§ Working data:

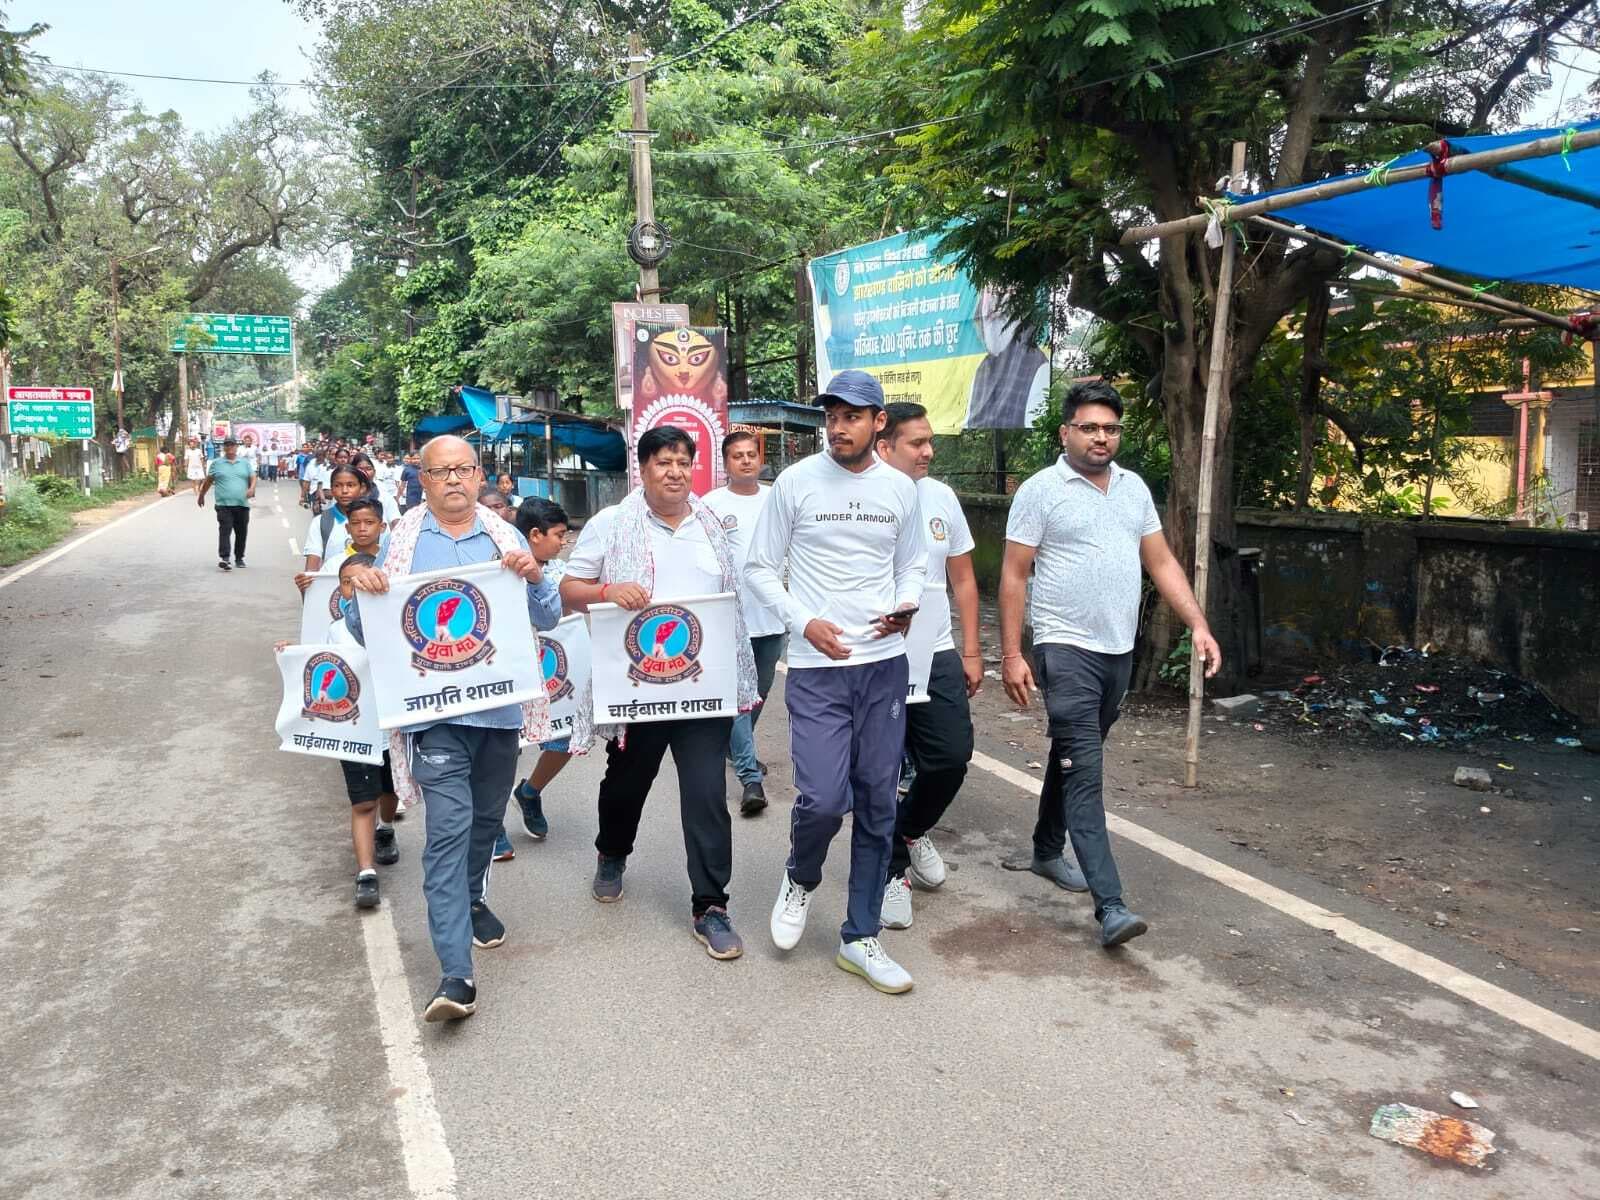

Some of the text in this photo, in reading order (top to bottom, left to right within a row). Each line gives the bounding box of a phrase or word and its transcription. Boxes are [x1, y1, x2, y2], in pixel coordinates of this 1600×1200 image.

[880, 334, 896, 353] 200
[918, 328, 932, 348] तक
[933, 319, 945, 345] की
[815, 513, 895, 524] UNDER ARMOUR
[426, 642, 454, 660] युवा
[643, 658, 665, 673] युवा
[404, 679, 514, 713] जागृति शाखा
[607, 698, 723, 720] चाईबासा शाखा
[293, 731, 373, 756] चाईबासा शाखा
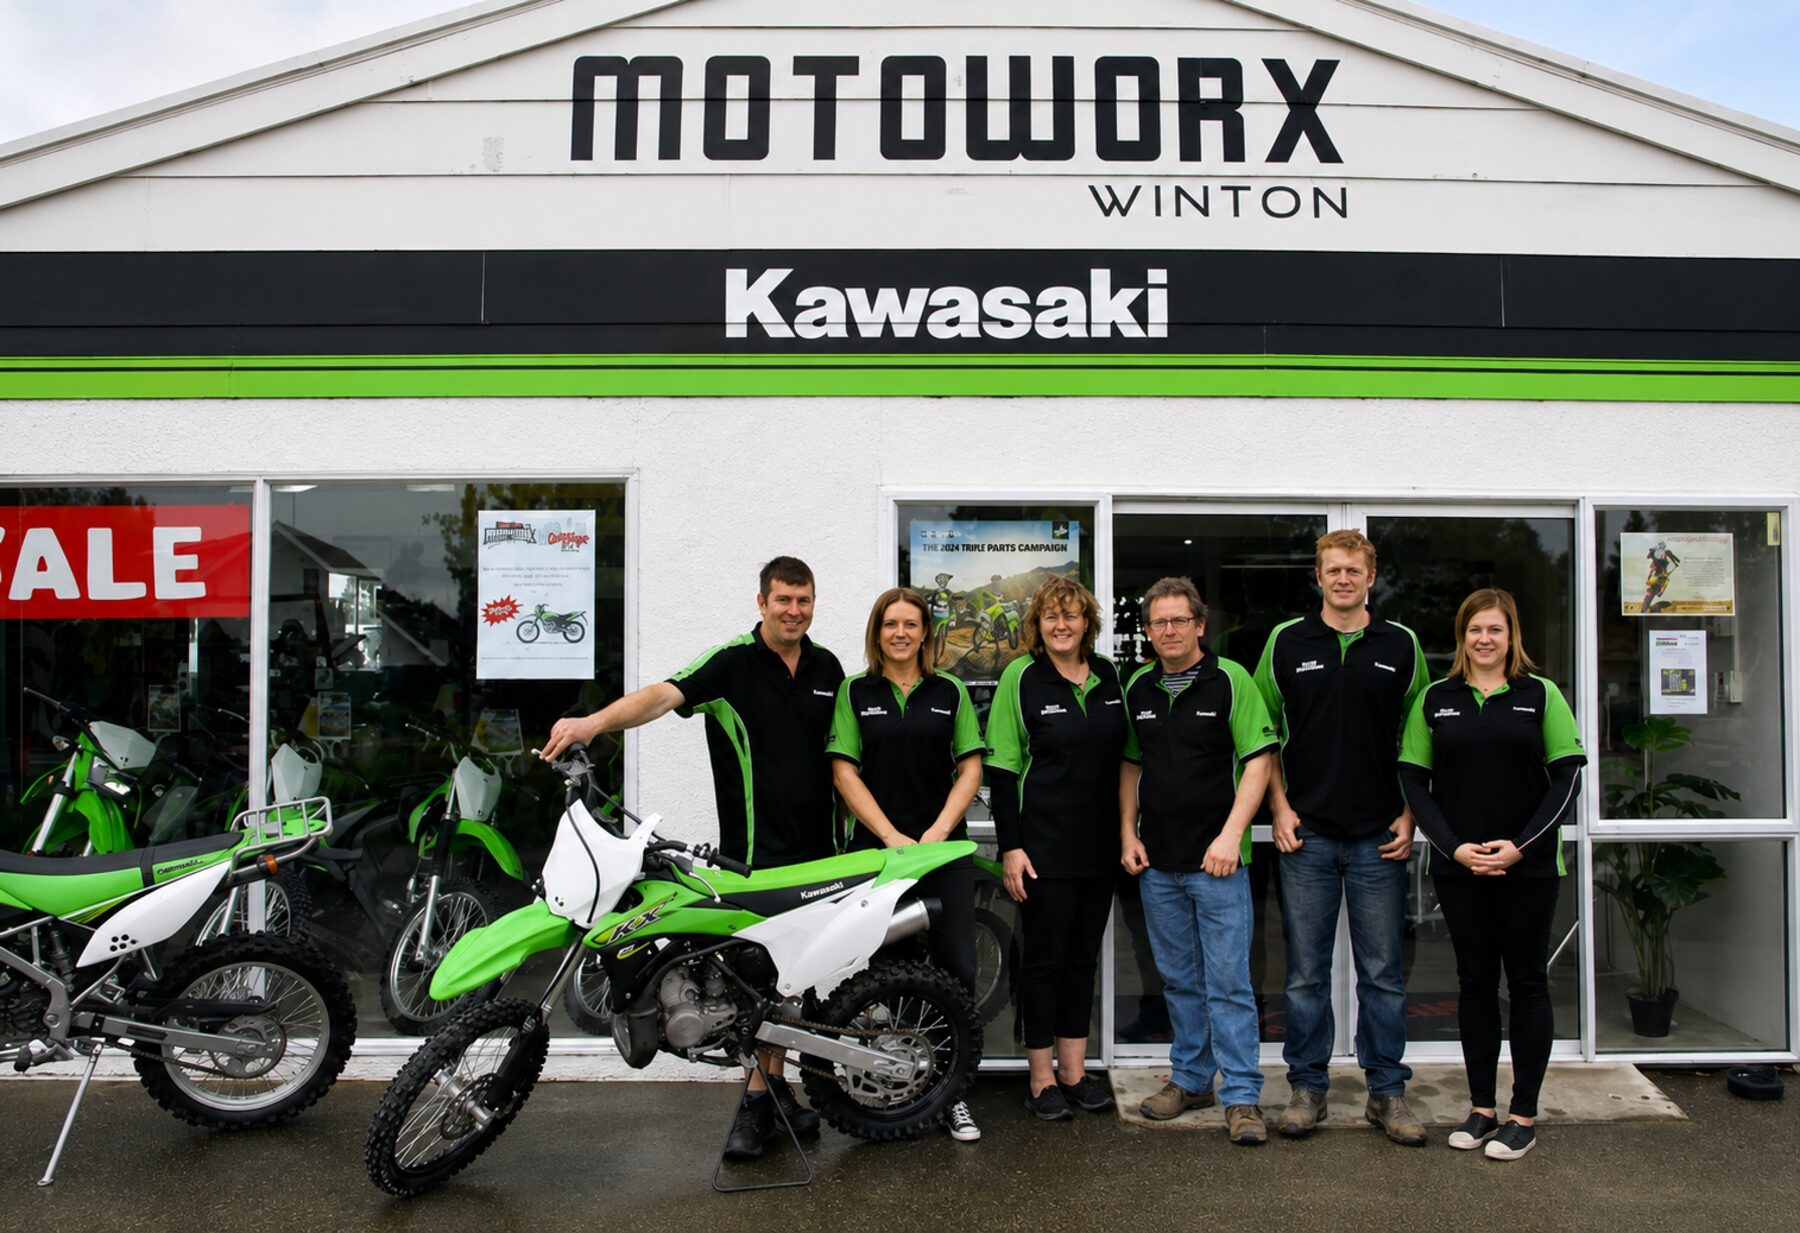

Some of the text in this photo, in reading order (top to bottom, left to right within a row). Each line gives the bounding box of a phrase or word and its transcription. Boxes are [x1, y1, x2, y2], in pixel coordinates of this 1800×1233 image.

[571, 56, 1344, 164] MOTOWORX
[1088, 185, 1348, 219] WINTON
[725, 268, 1168, 339] Kawasaki
[0, 526, 207, 601] ALE
[923, 543, 939, 552] THE
[940, 543, 959, 552] 2024
[987, 543, 1016, 552] PARTS
[1018, 543, 1068, 552] CAMPAIGN
[801, 880, 844, 900] Kawasaki

§ What is required:
Restate each entry word for word. Omit every picture.

§ Task solution:
Some of the text in this photo, in reading order (top to bottom, left to right within a row). Each line gives the bounding box of a phrase or word and its transcription. Boxes are [x1, y1, x2, y2], in pixel coordinates of this 1600×1200 image.

[880, 334, 896, 353] 200
[918, 328, 932, 348] तक
[933, 319, 945, 345] की
[815, 513, 895, 524] UNDER ARMOUR
[426, 642, 454, 660] युवा
[643, 658, 665, 673] युवा
[404, 679, 514, 713] जागृति शाखा
[607, 698, 723, 720] चाईबासा शाखा
[293, 731, 373, 756] चाईबासा शाखा

Some of the text in this photo, in reading order (top to bottom, left to right within a row). Each line gives the bounding box of a phrase or word and its transcription. Boxes are [x1, y1, x2, y2], in pixel coordinates of this 1800×1233 image.

[571, 56, 1344, 164] MOTOWORX
[1088, 185, 1348, 219] WINTON
[725, 268, 1168, 339] Kawasaki
[0, 526, 207, 601] ALE
[923, 543, 939, 552] THE
[940, 543, 959, 552] 2024
[987, 543, 1016, 552] PARTS
[1018, 543, 1068, 552] CAMPAIGN
[801, 880, 844, 900] Kawasaki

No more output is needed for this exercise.